- _What is needed_
The pictures are to be left out, and all remaining data is to be transcribed exactly as it appears.

Stored data entries:
=====

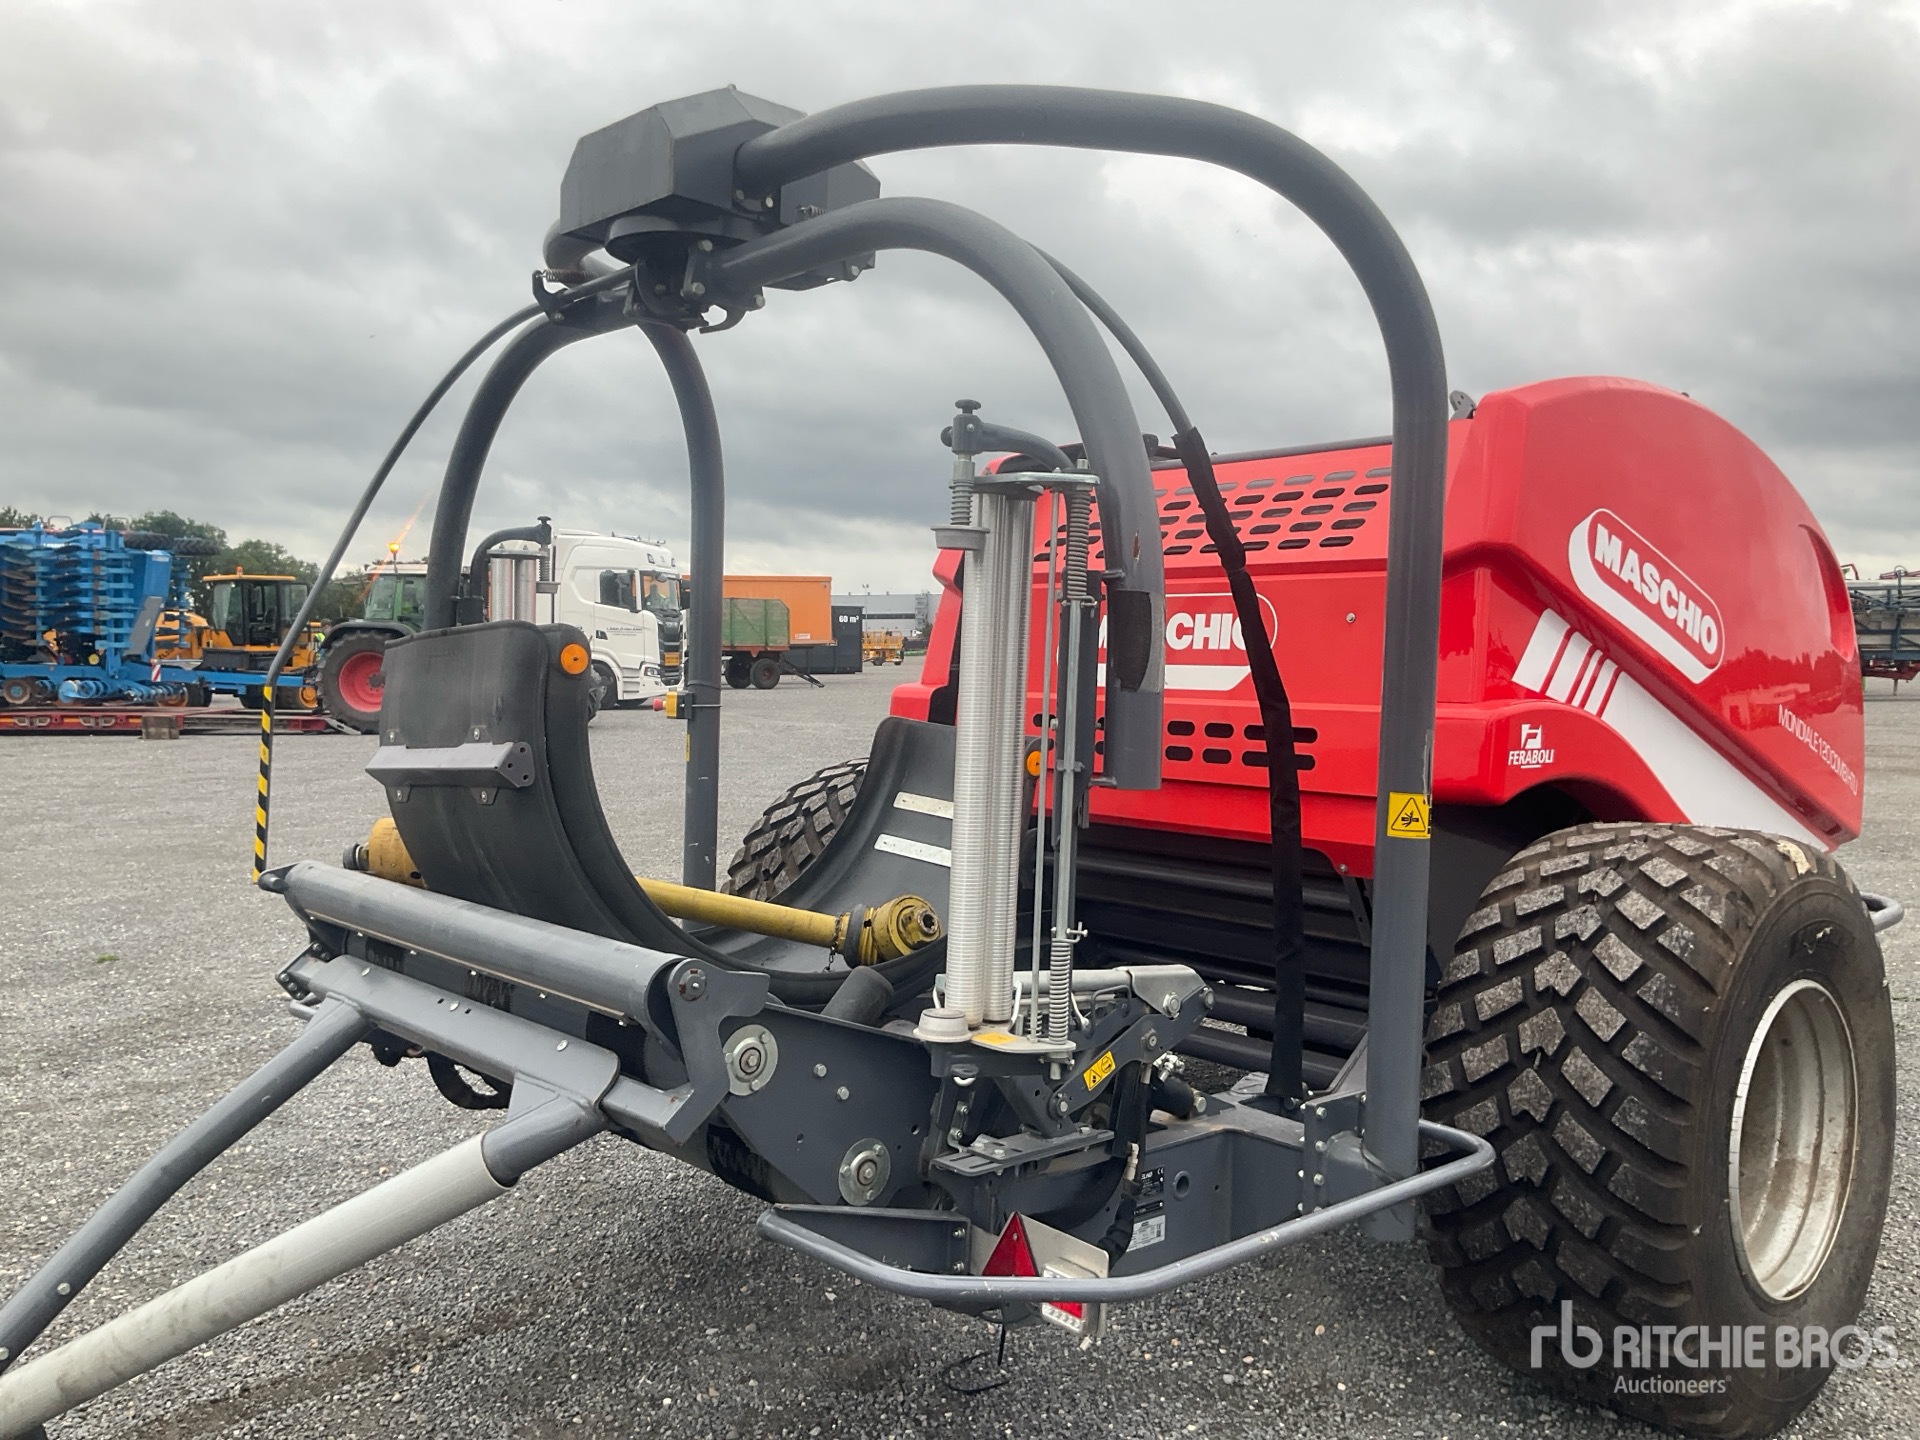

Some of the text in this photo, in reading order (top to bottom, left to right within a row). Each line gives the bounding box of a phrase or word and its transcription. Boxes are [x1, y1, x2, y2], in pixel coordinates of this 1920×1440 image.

[1594, 523, 1718, 655] MASCHIO
[838, 615, 848, 623] 60
[1778, 703, 1819, 753] MONDIALE
[1508, 749, 1555, 766] FERABOLI
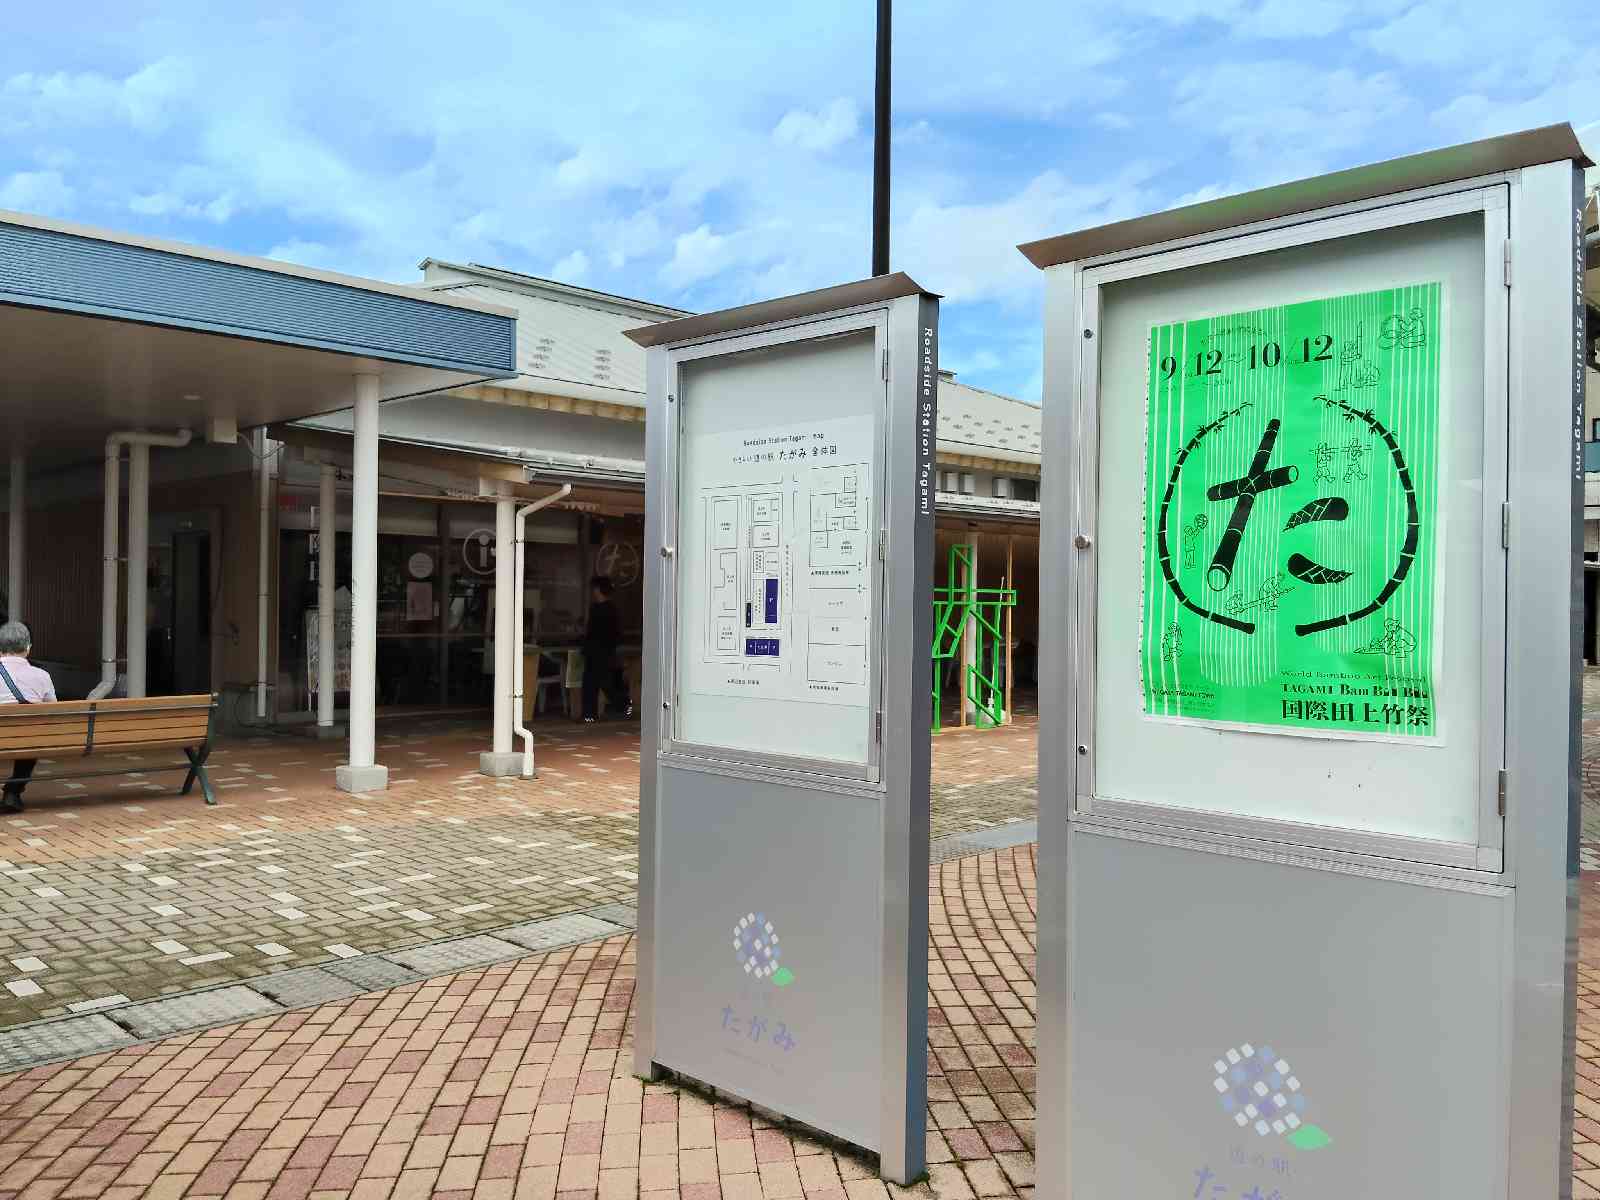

=====

- _Answer to this task_
Some of the text in this photo, in reading order (top to bottom, left to right within a row). Each line gives the bounding box of a phrase or word and its transcription. Boxes are [x1, y1, x2, y2], in pixel coordinates of this 1920×1440 image.

[1594, 523, 1718, 655] MASCHIO
[838, 615, 848, 623] 60
[1778, 703, 1819, 753] MONDIALE
[1508, 749, 1555, 766] FERABOLI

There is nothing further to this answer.